Top of Records for this exercise

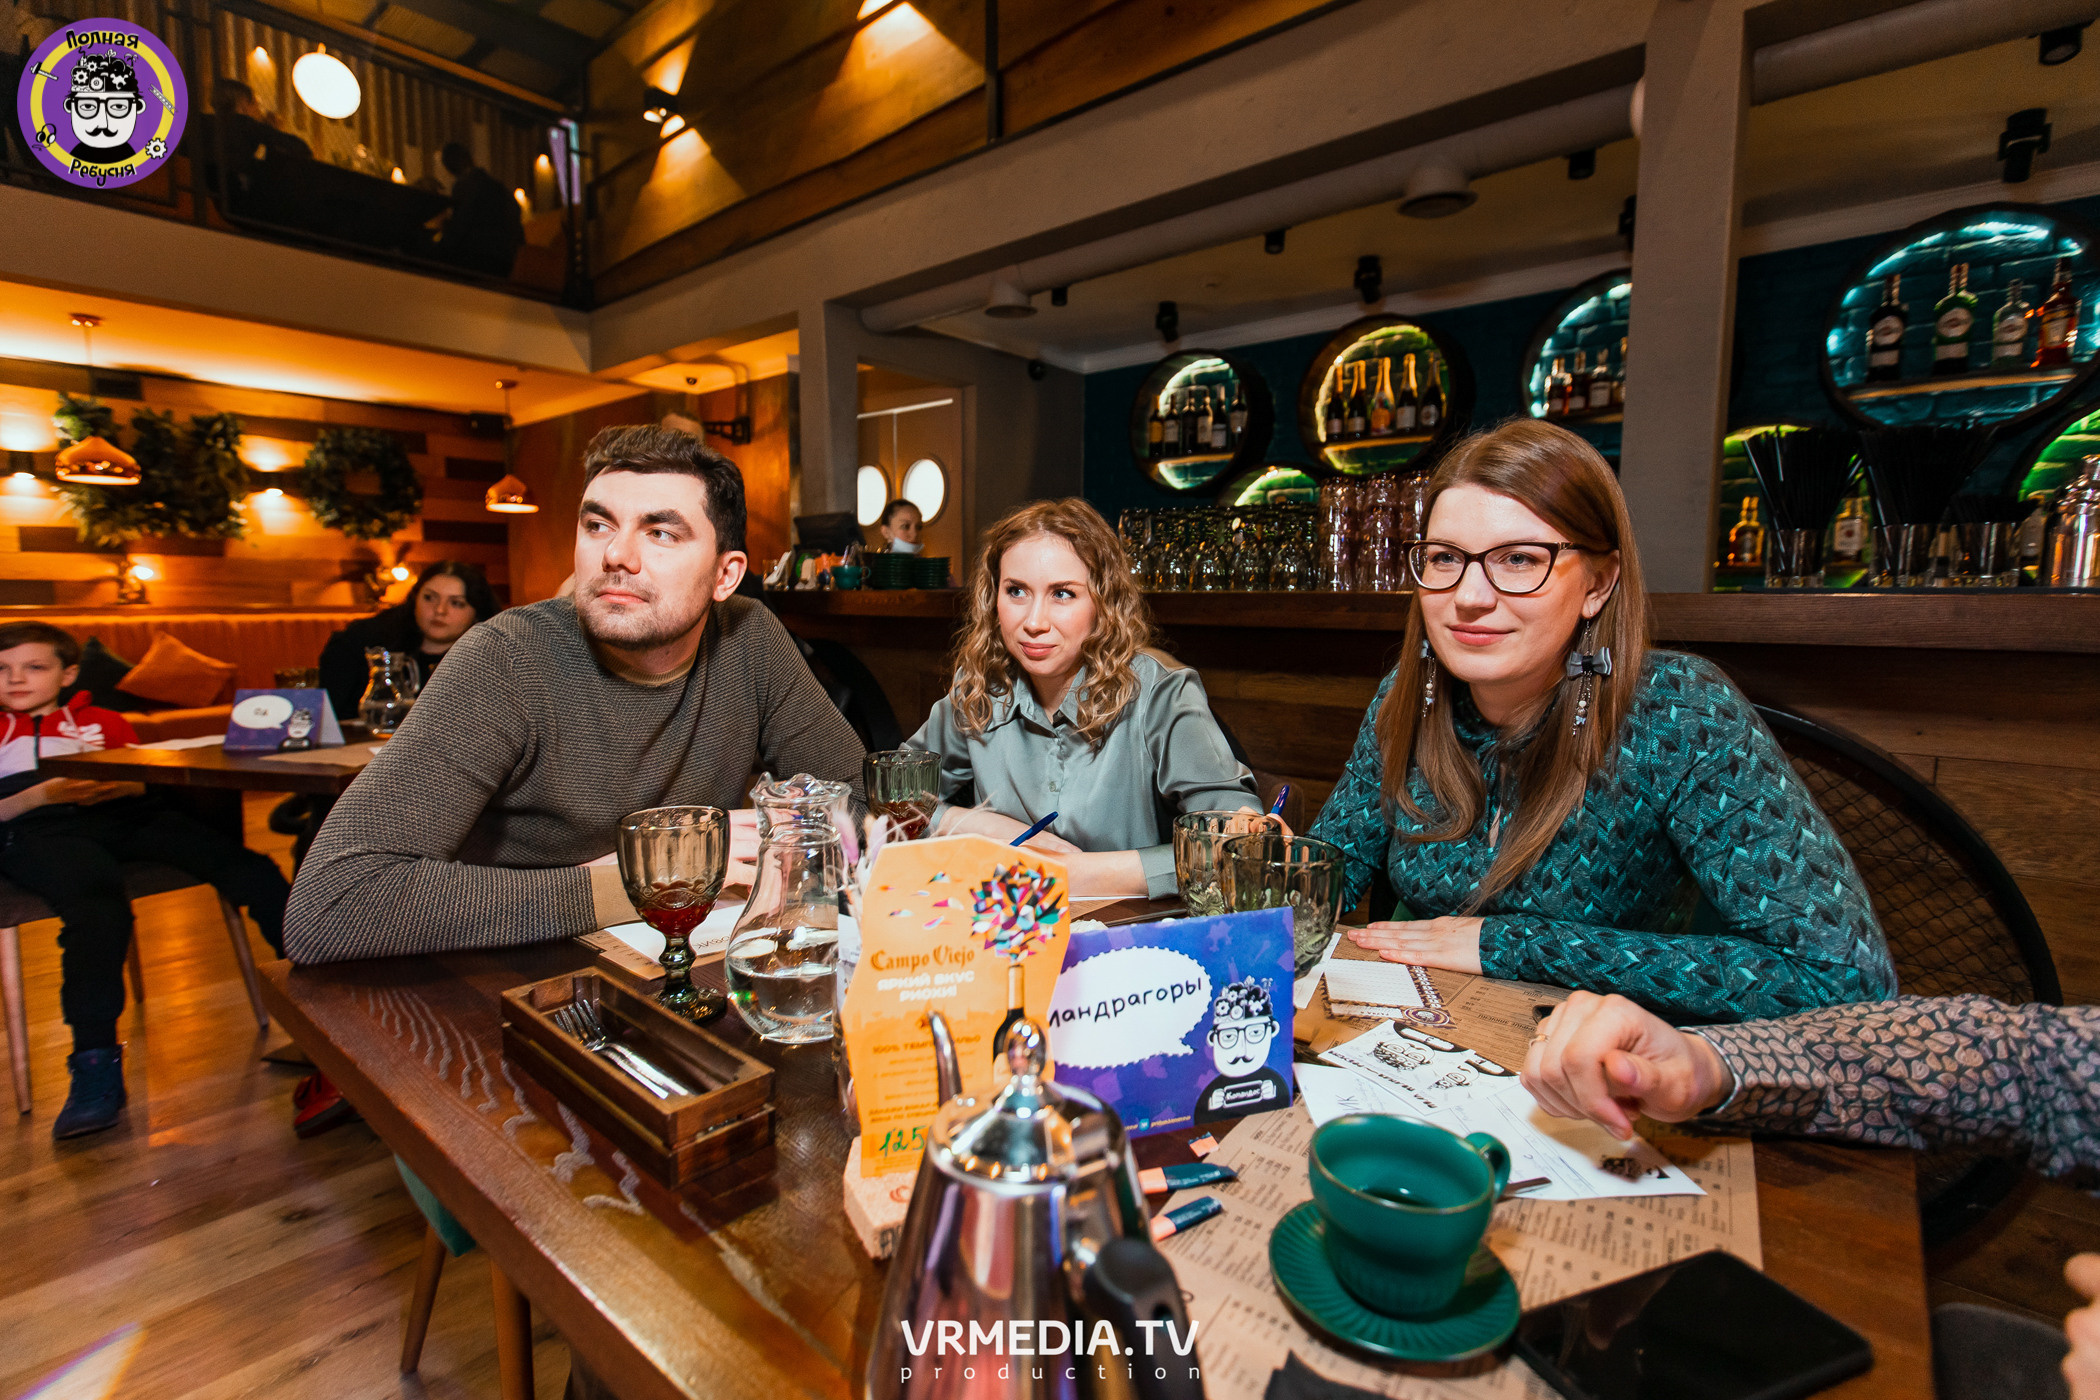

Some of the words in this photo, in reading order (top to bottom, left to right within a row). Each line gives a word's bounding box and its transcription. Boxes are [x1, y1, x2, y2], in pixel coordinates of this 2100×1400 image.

[870, 949, 931, 974] Campo
[932, 944, 975, 969] Viejo
[877, 972, 931, 991] ЯРКИЙ
[934, 970, 975, 986] ВКУС
[878, 1125, 927, 1159] 125

Bottom of Records for this exercise

## Exercise:
When you return the listing, keep it exact and omit any pictures it holds.

## Result below:
Some of the words in this photo, in reading order (top to bottom, left to right within a row). Each line gives a word's bounding box and its transcription. Boxes are [x1, y1, x2, y2], in pixel coordinates of this 2100×1400 image.

[870, 949, 931, 974] Campo
[932, 944, 975, 969] Viejo
[877, 972, 931, 991] ЯРКИЙ
[934, 970, 975, 986] ВКУС
[878, 1125, 927, 1159] 125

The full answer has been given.